_Your goal_
A picture-free, exact copy of all the records below is the goal.

_Records for the exercise_
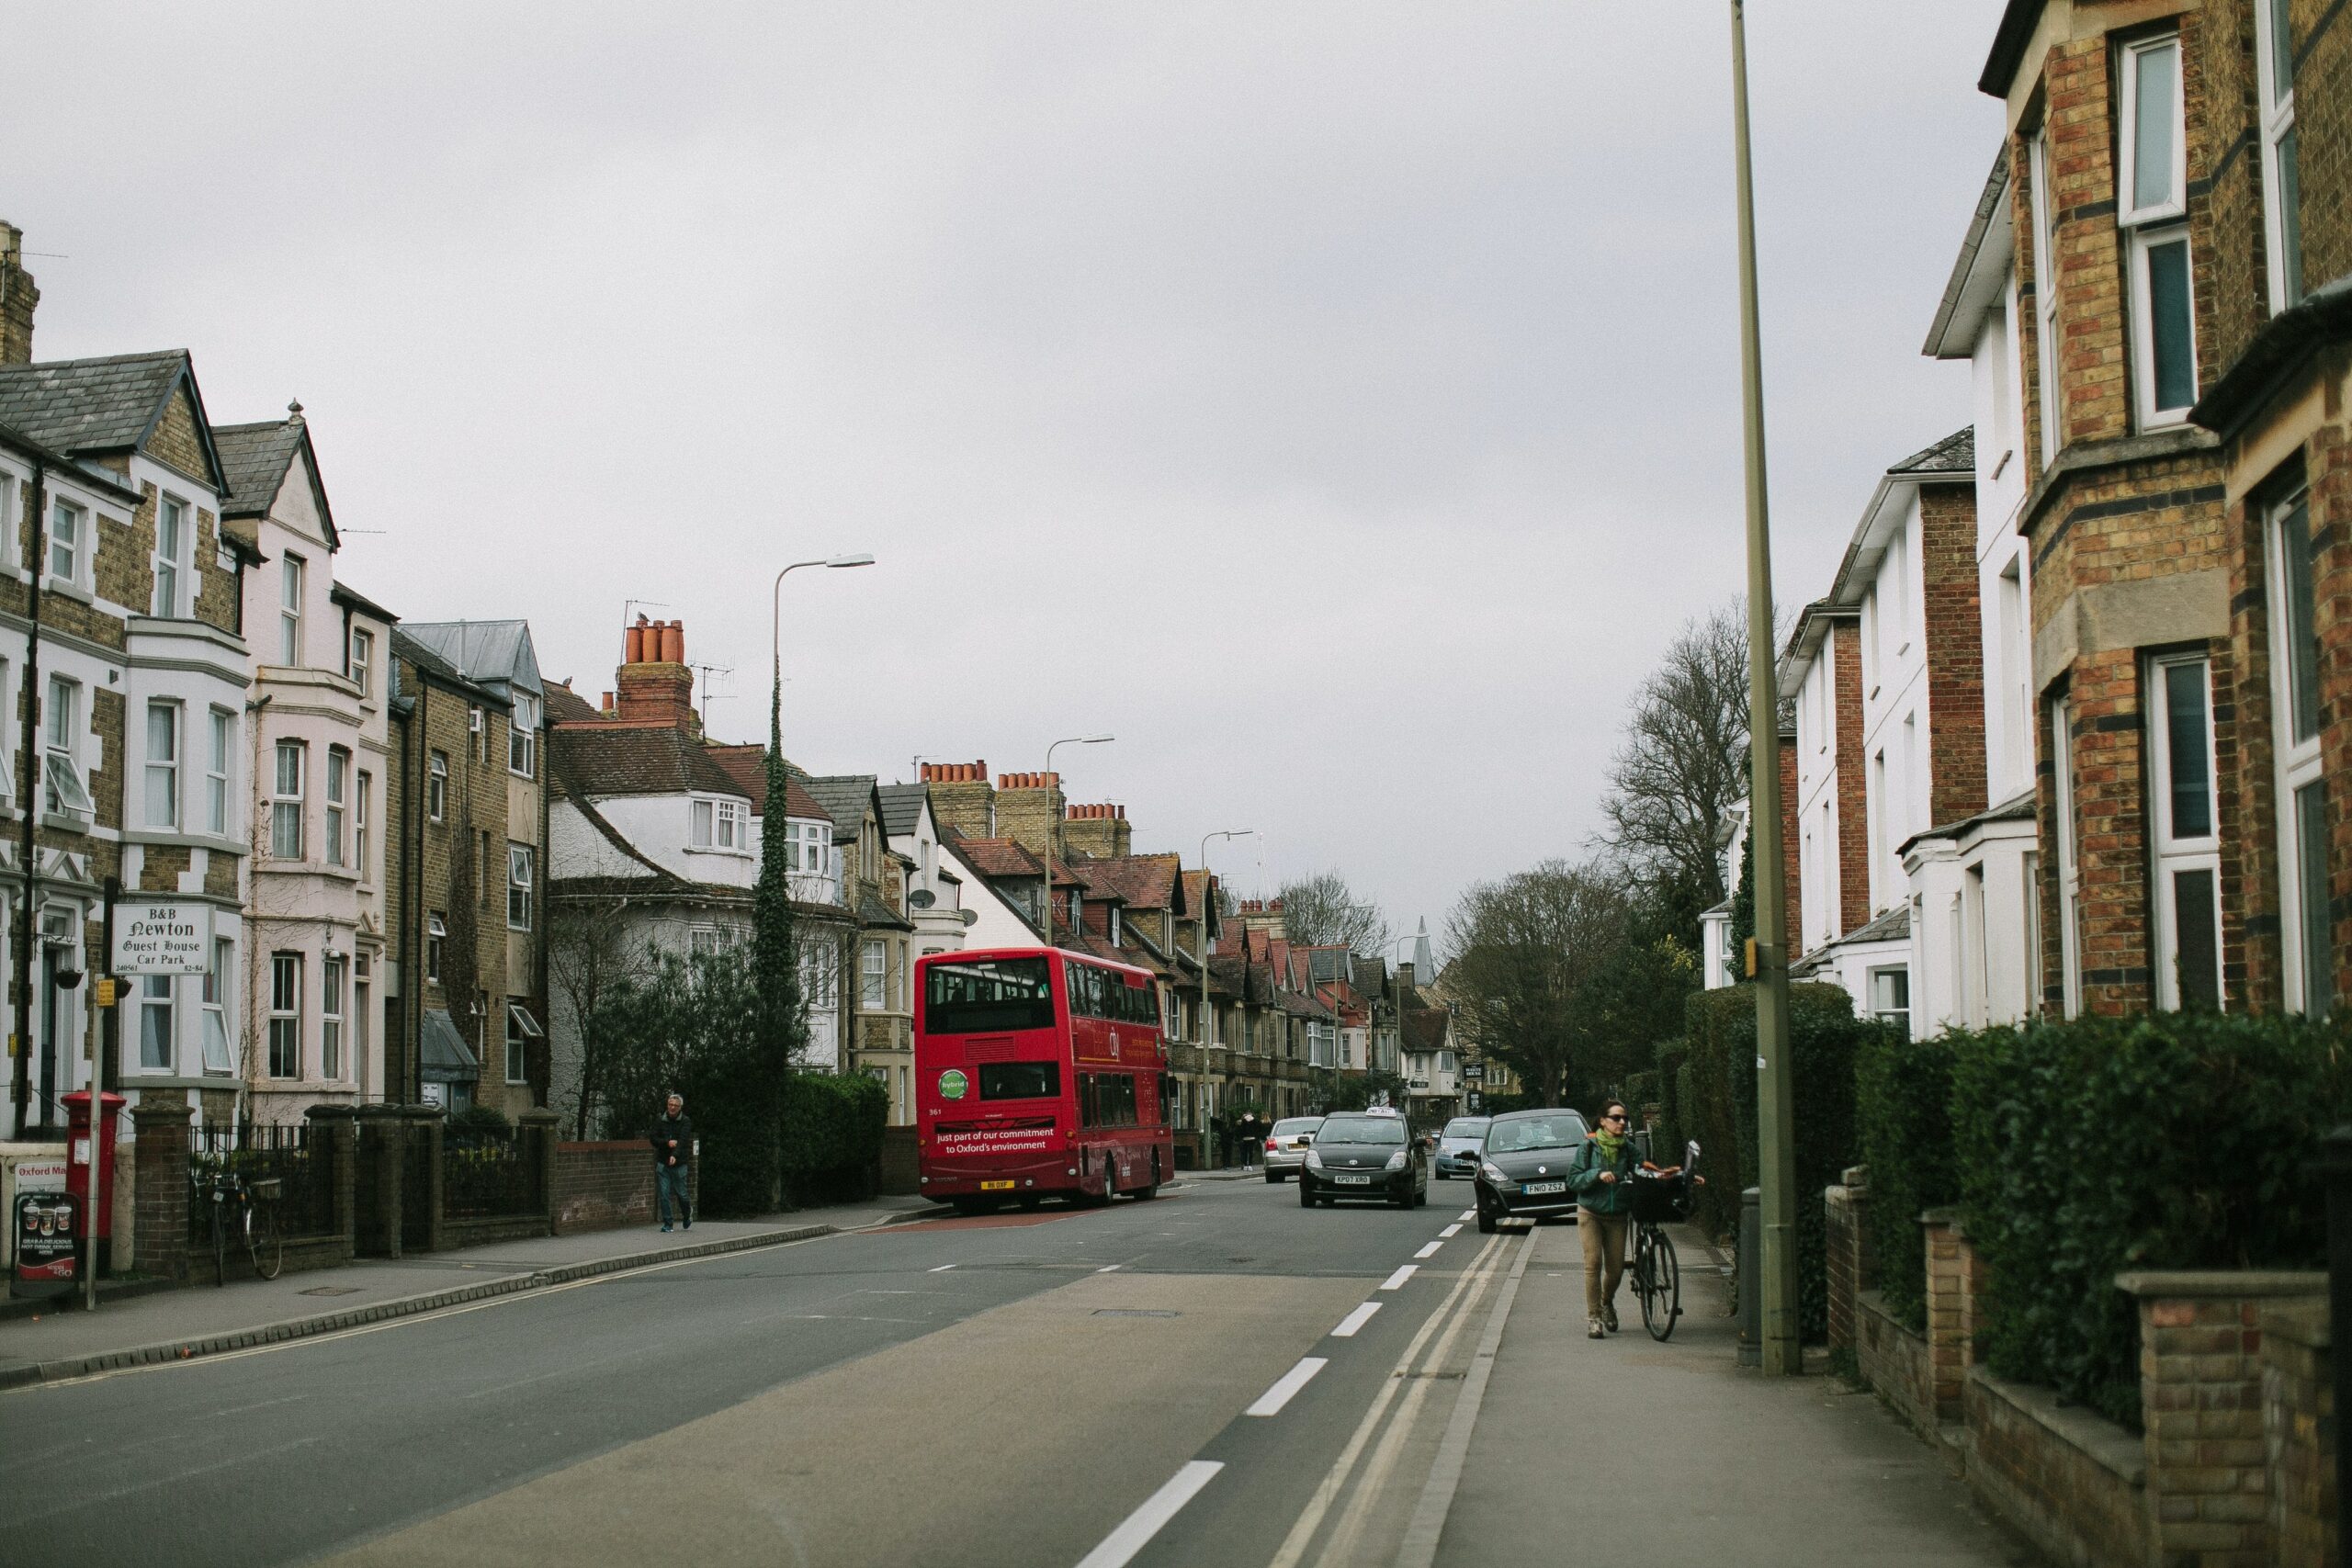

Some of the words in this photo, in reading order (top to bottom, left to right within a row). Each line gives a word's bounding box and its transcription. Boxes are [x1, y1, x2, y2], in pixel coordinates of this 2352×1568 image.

[149, 908, 176, 919] B&B
[128, 921, 194, 937] Newton
[122, 940, 157, 952] Guest
[164, 940, 200, 952] House
[137, 955, 156, 964] Car
[161, 954, 185, 964] Park
[942, 1080, 965, 1089] hybrid
[937, 1134, 953, 1144] just
[954, 1133, 971, 1143] part
[973, 1131, 981, 1140] of
[999, 1128, 1054, 1139] commitment
[945, 1145, 956, 1154] to
[956, 1143, 990, 1154] Oxford's
[991, 1141, 1046, 1151] environment
[18, 1167, 51, 1177] Oxford
[1548, 1183, 1563, 1191] ZSZ

_Answer area_
Some of the words in this photo, in reading order (top to bottom, left to right within a row). Each line gives a word's bounding box and its transcription. Boxes are [x1, y1, x2, y2], in pixel coordinates of this 2352×1568 image.

[149, 908, 176, 919] B&B
[128, 921, 194, 937] Newton
[122, 940, 157, 952] Guest
[164, 940, 200, 952] House
[137, 955, 156, 964] Car
[161, 954, 185, 964] Park
[942, 1080, 965, 1089] hybrid
[937, 1134, 953, 1144] just
[954, 1133, 971, 1143] part
[973, 1131, 981, 1140] of
[999, 1128, 1054, 1139] commitment
[945, 1145, 956, 1154] to
[956, 1143, 990, 1154] Oxford's
[991, 1141, 1046, 1151] environment
[18, 1167, 51, 1177] Oxford
[1548, 1183, 1563, 1191] ZSZ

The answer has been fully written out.